Previously, Cody Brocious showed how to pick a hotel door lock in 200 milliseconds – less time than it takes to blink; inspired by that, other researchers developed devices to pick Onity keycard-protected hotel locks; the smallest was disguised as a dry erase marker.
Last year, Samy Kamkar showed off MagSpoof, which can wirelessly read the data stored on a card’s magnetic stripe, be that a credit card or a hotel keycard. Well now, with just $6 of hardware, there’s a way to brute force every keycard for a hotel in a relatively short period of time.
Weston Hecker, a senior security engineer at Rapid7, was inspired by Kamkar’s MagSpoof. Not only can his creation snag the data off one hotel keycard, it also can be used to duplicate every hotel keycard and open every door.
IDG’s Lucian Constantin reported:
Hecker estimates that brute forcing a typical room lock in a hotel with 50 to 100 rooms would take around 18 minutes. Brute forcing a special key, like those used by housekeeping and other staff, would take around a half an hour.
Hecker’s device, which is about the size of a deck of cards, can make 48 guesses per minute. It brute forces possible number combinations stored on a hotel keycard’s magnetic stripe. That data is usually unencrypted and the identification number was sequentially assigned.
If malicious, a hacker would take information from their own hotel room key. This would typically include the encoded output of their folio number (essentially an ID record that’s supposed to be unique but isn’t), the hotel room number and checkout date. They would then know what data fields needed to be guessed for a key copy to be found. The hacker could then walk up to a hotel room, hold Hecker’s tool close to the card reader, and it would run through every possible combination of those details, before spewing out the encoded data (i.e. the key).
If an attacker chose to, he could leave the device working and be notified via his smartphone when the right combination was found.
The problem is a design flaw in the magstripes. Hecker said, “The brute force susceptibility appears to affect most any property management system that uses magstripe key cards, so it's multi vendor.” It could be rectified by adding more data stored on the keycard stripe, by assigning the numbers randomly and by using encryption.
Hecker told The Hill, “For now, there’s not a whole lot consumers can do around this. Stay alert, use a hotel safe, maybe even put a chair against the door.”
Same device can be used to hack and infect point-of-sale systems
Hecker’s device is not limited to breaking into hotel rooms; it can also potentially inject malicious code to compromise point-of-sale (PoS) systems and “pop open cash registers.”

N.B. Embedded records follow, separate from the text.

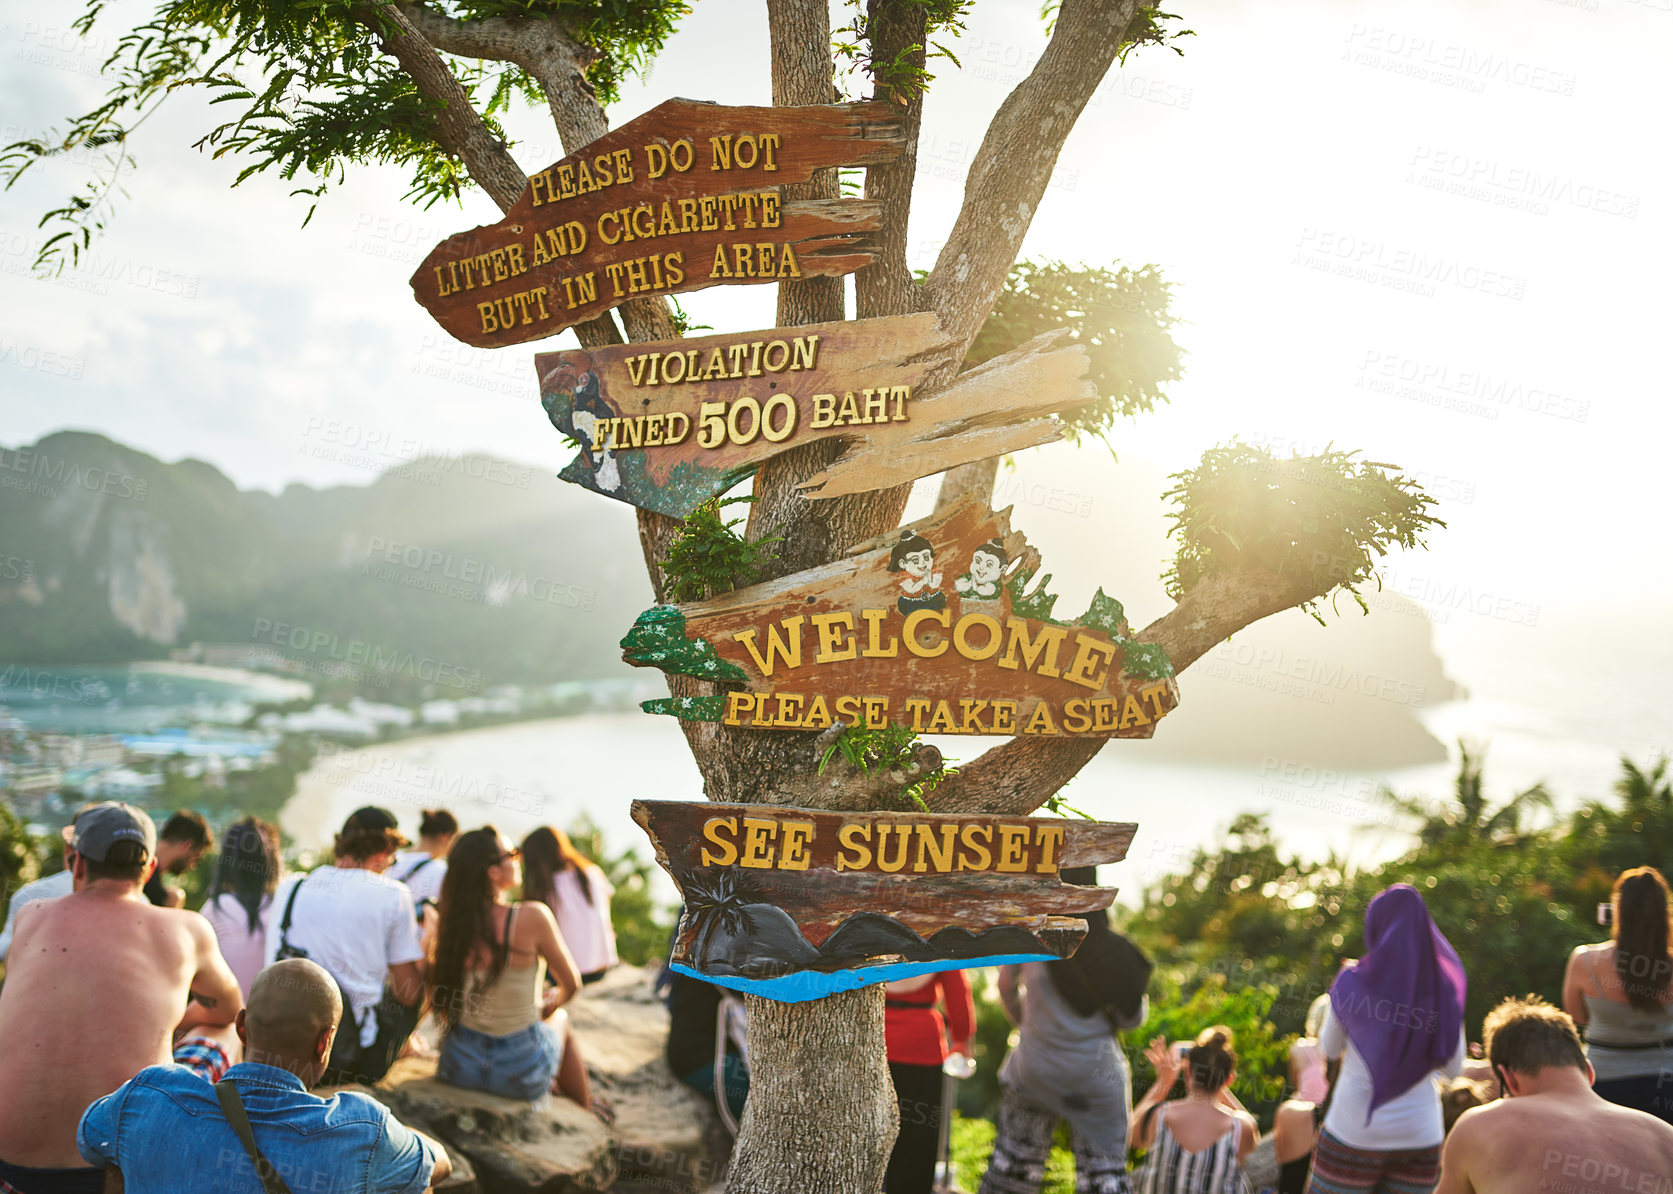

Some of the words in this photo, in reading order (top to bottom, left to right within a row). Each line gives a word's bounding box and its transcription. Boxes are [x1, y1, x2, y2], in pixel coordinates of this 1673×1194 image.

[529, 149, 634, 207] PLEASE
[647, 141, 694, 180] DO
[710, 133, 780, 171] NOT
[434, 247, 528, 297] LITTER
[533, 222, 588, 267] AND
[598, 191, 781, 244] CIGARETTE
[476, 287, 549, 334] BUTT
[566, 274, 596, 309] IN
[605, 252, 685, 297] THIS
[709, 242, 801, 279] AREA
[625, 334, 818, 386] VIOLATION
[591, 411, 689, 451] FINED
[697, 394, 796, 449] 500
[810, 385, 910, 430] BAHT
[733, 609, 1117, 690] WELCOME
[724, 691, 889, 731] PLEASE
[905, 698, 1016, 735] TAKE
[1024, 700, 1058, 735] A
[1062, 683, 1168, 733] SEAT
[701, 817, 813, 871] SEE
[837, 823, 1064, 874] SUNSET
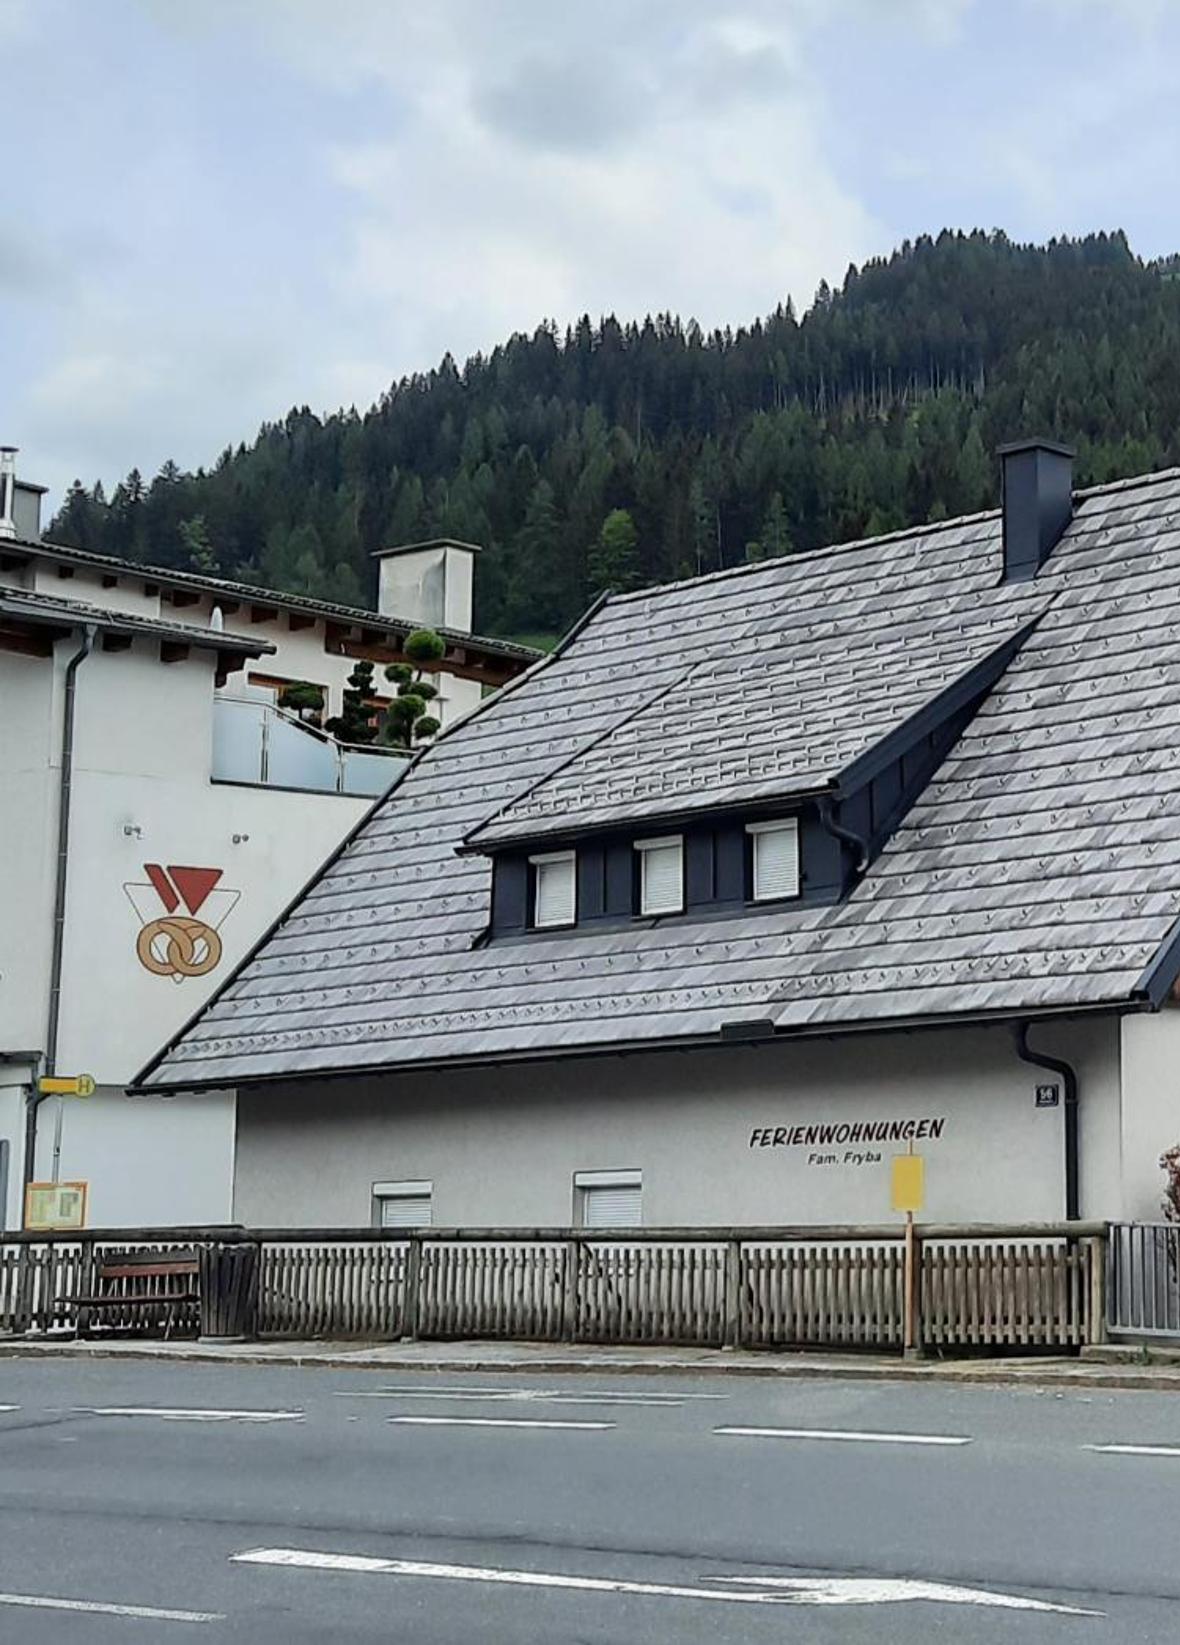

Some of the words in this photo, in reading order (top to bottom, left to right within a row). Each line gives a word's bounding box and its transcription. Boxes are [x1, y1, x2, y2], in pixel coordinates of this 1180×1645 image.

[750, 1118, 945, 1147] FERIENWOHNUNGEN
[808, 1153, 839, 1165] Fam.
[844, 1152, 882, 1165] Fryba

An attacker armed with such a device could hold it close to the PoS system with a magstripe reader and start injecting malicious keystrokes. While it might seem like someone would notice the device, it is small enough to be hidden under an attacker’s sleeve, left in an empty phone case, etc.

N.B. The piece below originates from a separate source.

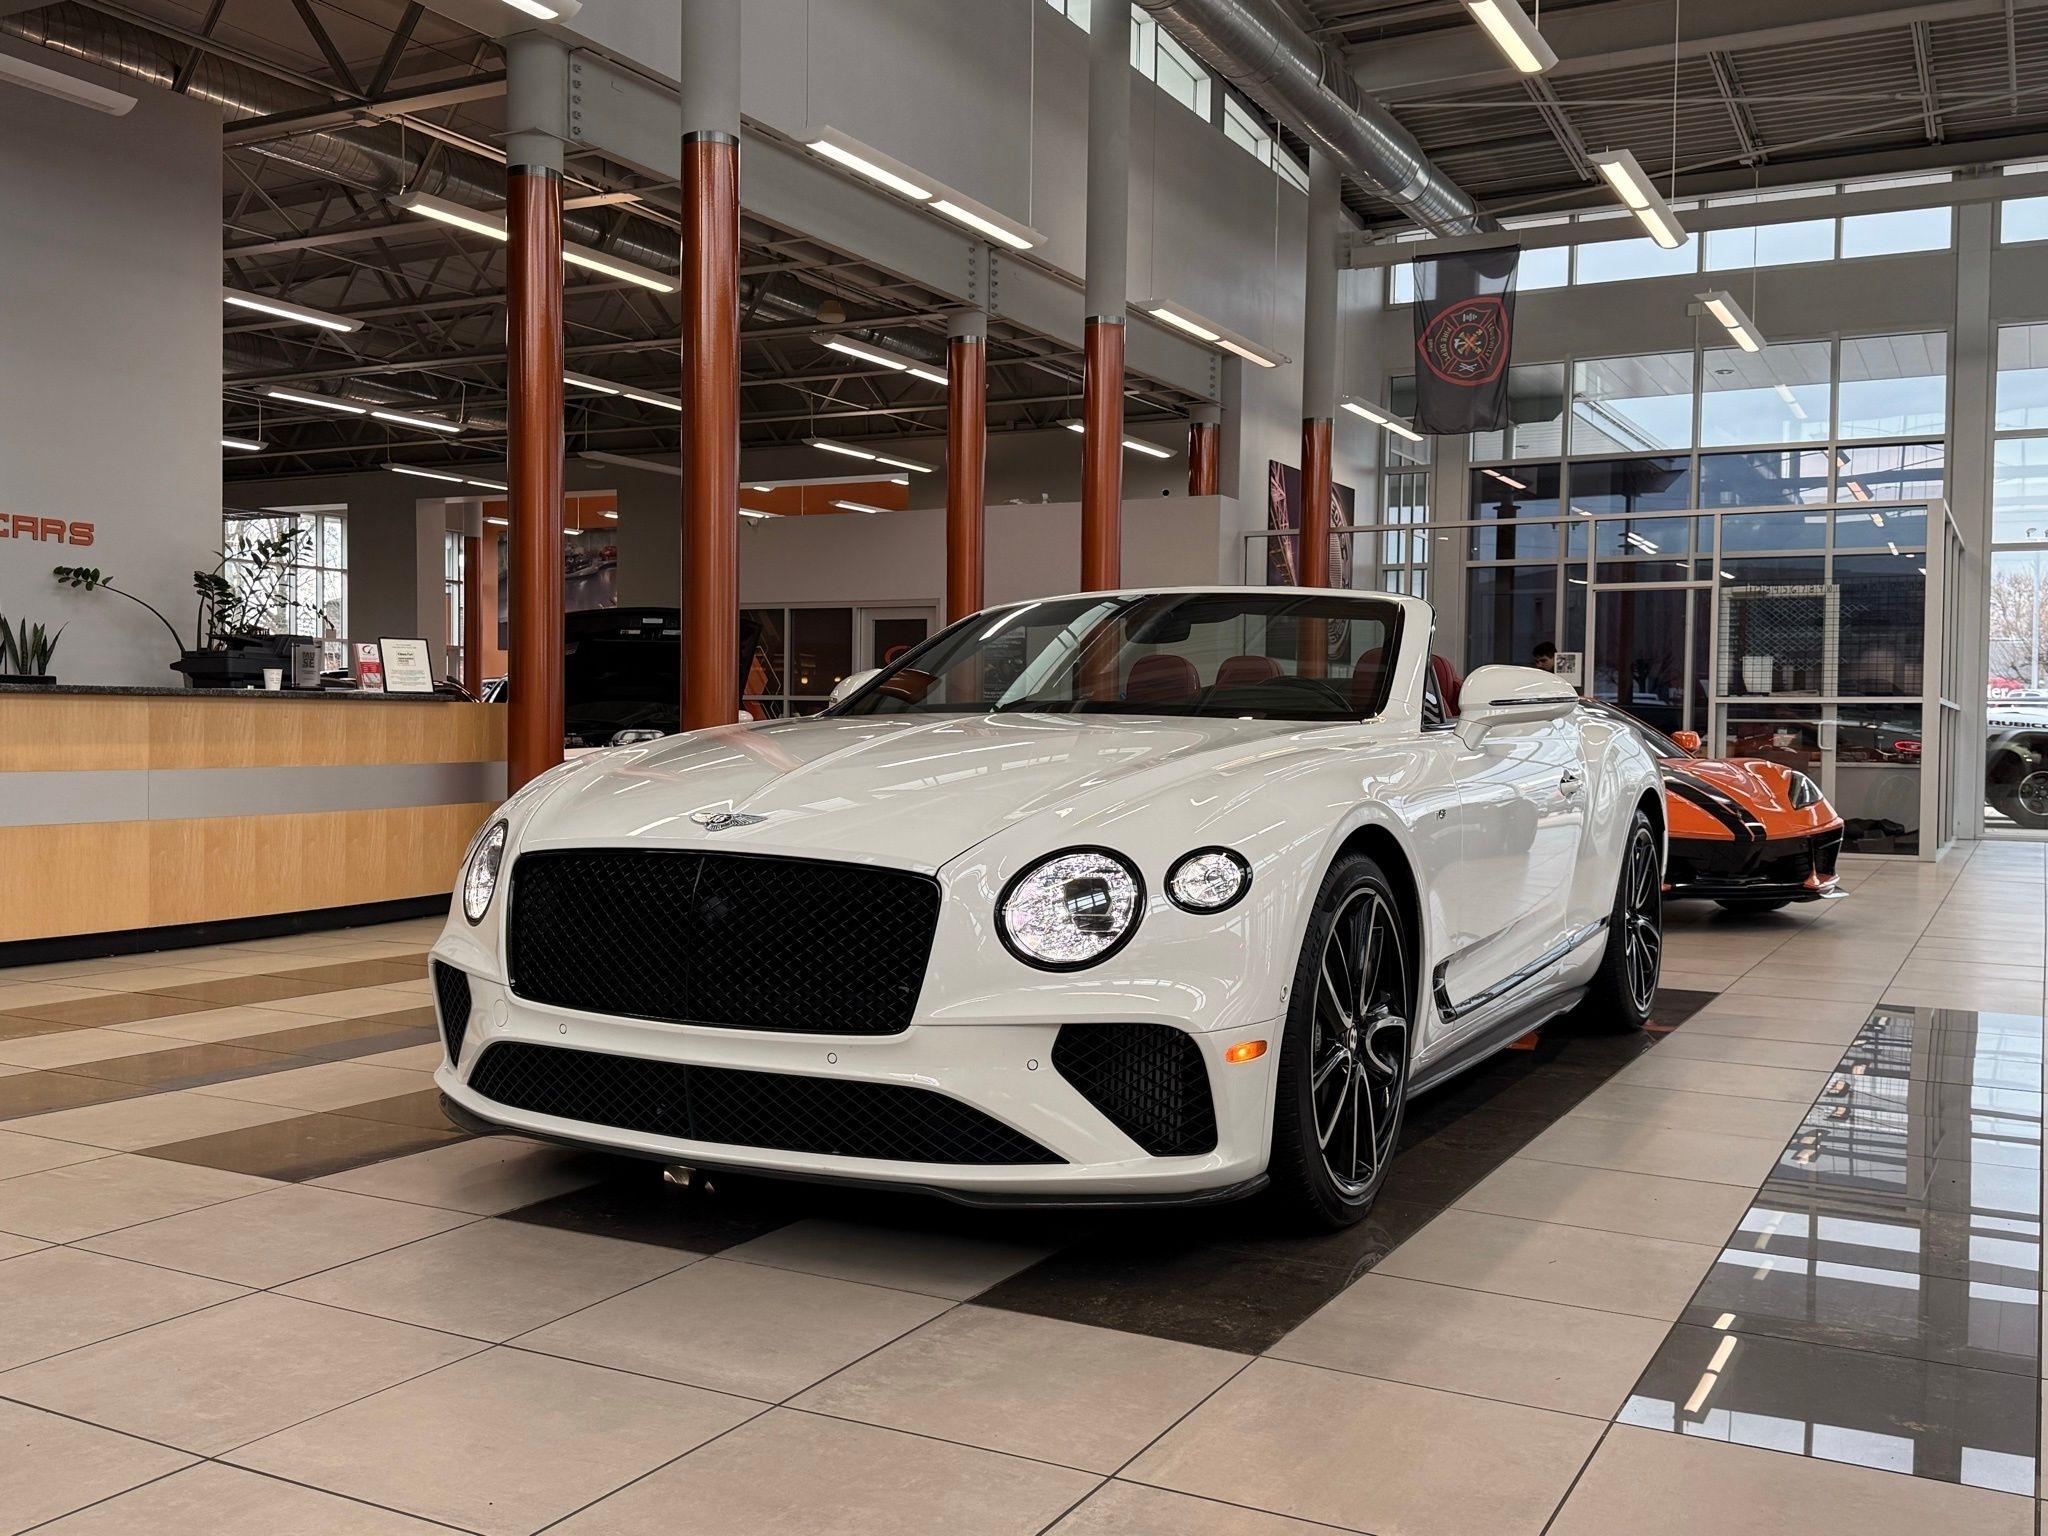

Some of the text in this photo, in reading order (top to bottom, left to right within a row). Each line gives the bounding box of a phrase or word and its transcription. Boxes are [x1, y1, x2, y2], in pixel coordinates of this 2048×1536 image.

An attacker could, for example, leave the hidden device near a PoS system – near as in really close, like no more than four-and-a-half inches from the reader, and then “remotely open a command prompt on the system and then use it to download and install memory scraping malware through the necessary keyboard commands.”
Unfortunately, such an attack would work on most Windows-based PoS systems that are designed to work with a keyboard. It would also work on systems that accept reward program points. Rapid7 disclosed the vulnerabilities to US-CERT.
Hecker, who also made cash spit out of an ATM during a Black Hat presentation, will present “Hacking Hotel Keys and Point of Sale Systems: Attacking Systems Using Magnetic Secure Transmission” at DEF CON on August 7.